Erik understood some of them, pleading for him to set them free, and he wanted to. He presumed his dagger would help again, but he needed to see if he could find the others first.
“I will free you,” he said, standing in front of a cell containing several people—far too many for the size of the prison—and staring at the mournful, brown eyes of a woman who once had pale skin, now caked with dirt, and wild, brown, curly hair that stuck out in all directions and clumping together. Her dress was so torn and tattered, she might as well have been naked, and Erik’s stomach knotted as he considered what horrors must have befallen her in this place as she sat in a cell with mostly other men.
At the end, as he suspected, he turned the corner and ran into another hallway.
“Erik!”
He turned to see Turk, clinging to the bars of a cell.
“Turk!” Erik yelled, almost in tears.
“Cousin, get us out of this hell!” Bryon yelled, pressing his face between the iron bars.
“I will, let me just get my dagger and ....”

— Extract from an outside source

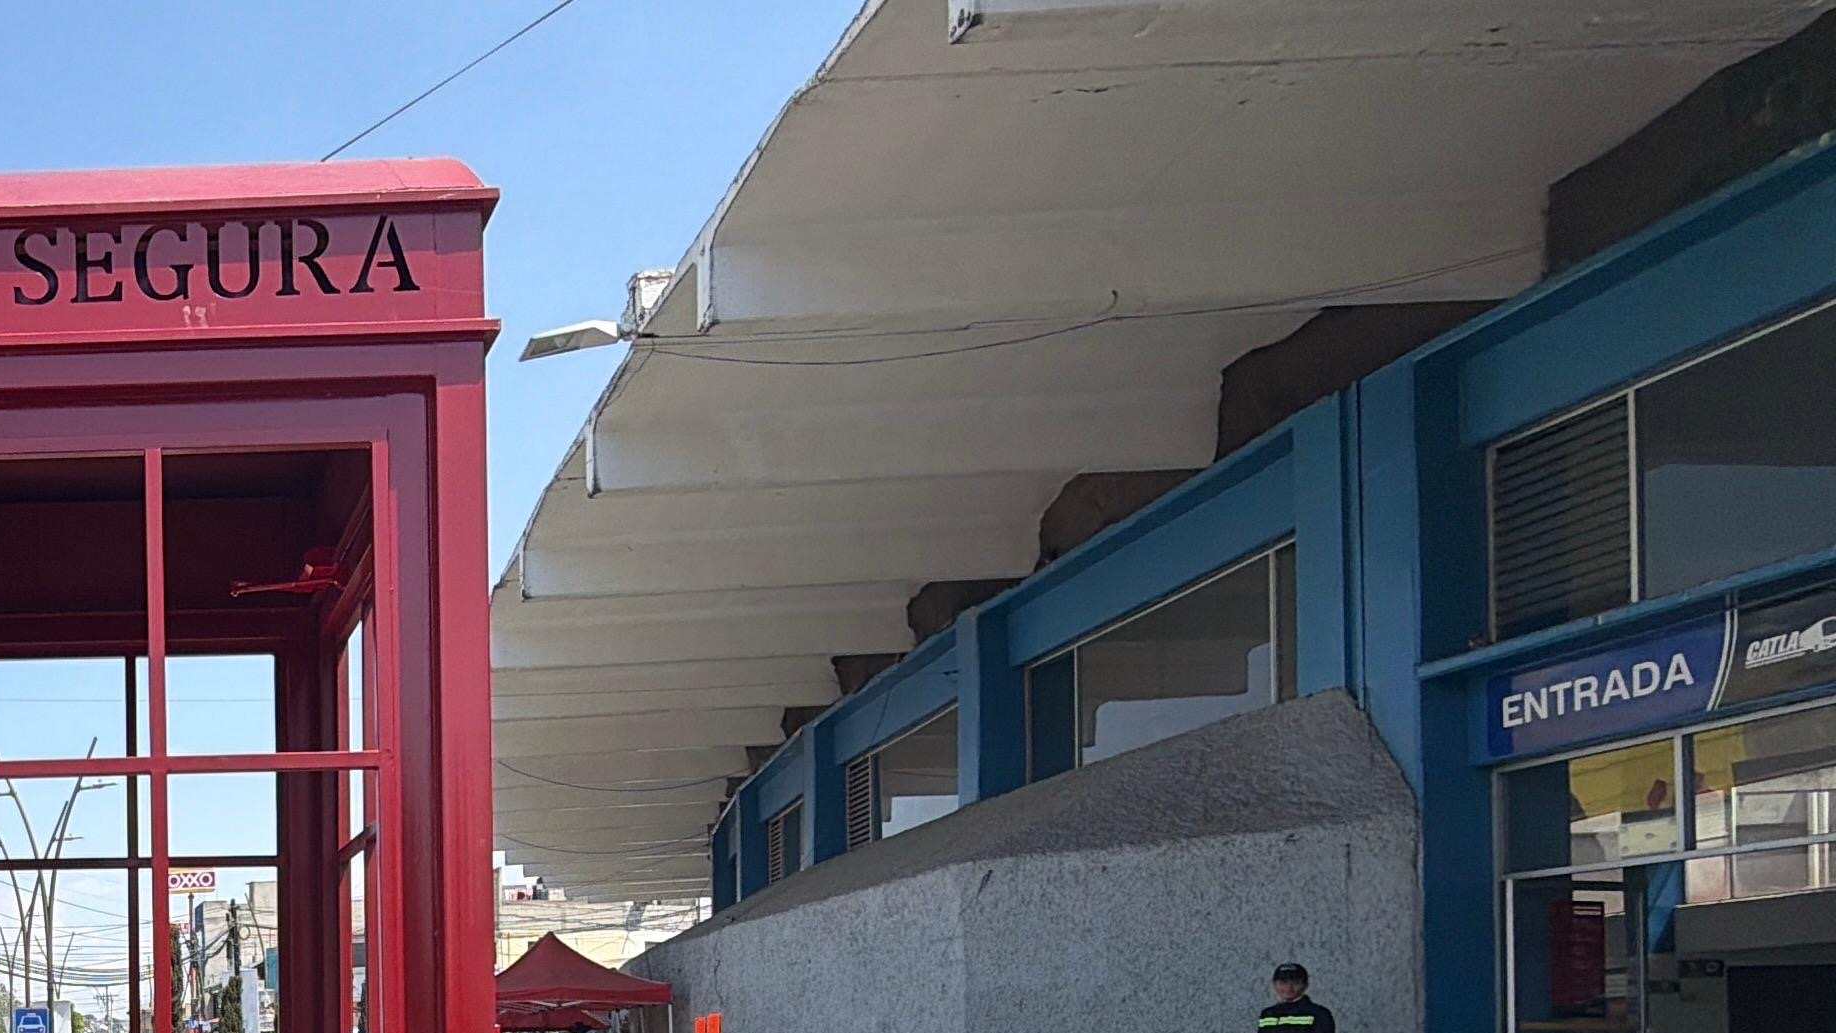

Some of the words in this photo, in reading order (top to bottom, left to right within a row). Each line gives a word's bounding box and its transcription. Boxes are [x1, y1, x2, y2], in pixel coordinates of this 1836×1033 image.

[13, 215, 421, 306] SEGURA
[1502, 652, 1695, 728] ENTRADA
[168, 871, 213, 889] OXXO

“Watch out Erik!” Turk yelled, but it was too late.
Erik felt something slam into him, and he flew through the air, landing with a thump on the stone floor, expelling the air from his lungs. As he regained his vision, albeit a little blurry, he saw a c
ell—rather, a cage—with an ártocothe in it. The giant spider hissed, and the bristles on its legs rattled. The arachnid tucked its abdomen under itself and spewed silky web at Erik. As the webbing shot towards him, he rolled to the side and jumped to his feet, the spider’s attack barely missing him. To his right, he saw another cage with a huge, white bear—entirely too large for the cell—with three little cubs. It roared and butted its head against the iron, shaking the space around them.
As he struggled to his feet, Erik saw the thing that had struck him—another magical experiment mutant that was, Erik suspected, once a man. Before he could really see the creature, it barreled into him again, lowering its shoulder into Erik’s chest and sending him backward, this time against a wall. The ártocothe hissed and the snow bear roared as Erik slid to the ground and fought the unconsciousness that tried to take him.
His vision blurry and his legs wobbly, Erik pushed himself to his feet. The beast standing in front of him had four arms and a rotund belly that sagged over its belt. Its mouth consumed half its face, and its eyes were lopsided, one half a hand lower than the other. It yelled a cry of victory and came at Erik. He moved out of the way just as the monster slammed its shoulder into the wall, cracking stone, shaking the foundation, and bringing bits of rubble down on Erik’s head.
Erik swung the elvish blade at the lower of the creature’s left arms. The magic in the sword flared to life and burned through flesh, removing the arm. The creature didn’t even seem to notice. In fact, it laughed. Where the wound glared at Erik, red and raw and smoking, two more appendages grew, tendons and arteries knitting together as new arms erupted from the injury with the sickening sound of tearing meat.
The monster—now with five arms—swung both of its right arms at Erik. He caught the lower arm with Ilken’s Blade, removing it, while catching the upper arm with Bryon’s sword, removing that one. Just like the other arm, two more arms grew where there had been one.